What needs to be done: Leave every picture behind and copy the rest of the entries below exactly.
### The input
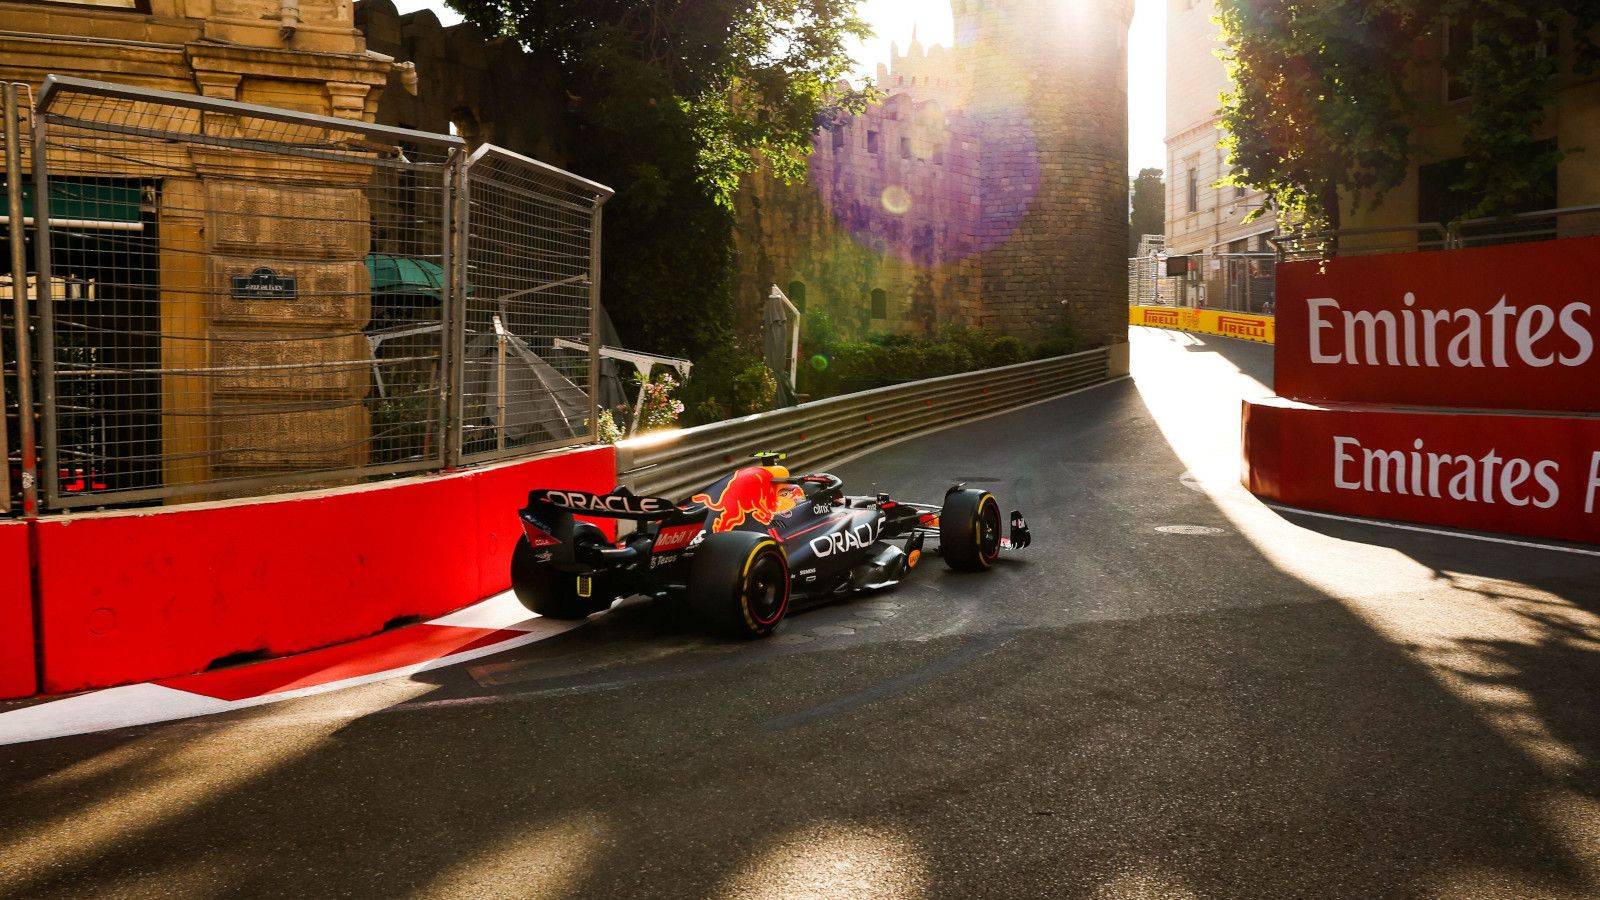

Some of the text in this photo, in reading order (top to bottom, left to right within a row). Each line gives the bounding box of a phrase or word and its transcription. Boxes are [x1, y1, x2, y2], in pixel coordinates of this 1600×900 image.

[1143, 309, 1179, 326] PIRELLI
[1217, 315, 1266, 338] PIRELLI
[1306, 291, 1595, 368] Emirates
[1332, 435, 1560, 509] Emirates
[545, 490, 660, 514] ORACLE
[655, 531, 686, 547] Mobil
######
Reply:
Some of the text in this photo, in reading order (top to bottom, left to right within a row). Each line gives the bounding box of a phrase or word and its transcription. Boxes are [x1, y1, x2, y2], in pixel coordinates of this 1600×900 image.

[1143, 309, 1179, 326] PIRELLI
[1217, 315, 1266, 338] PIRELLI
[1306, 291, 1595, 368] Emirates
[1332, 435, 1560, 509] Emirates
[545, 490, 660, 514] ORACLE
[655, 531, 686, 547] Mobil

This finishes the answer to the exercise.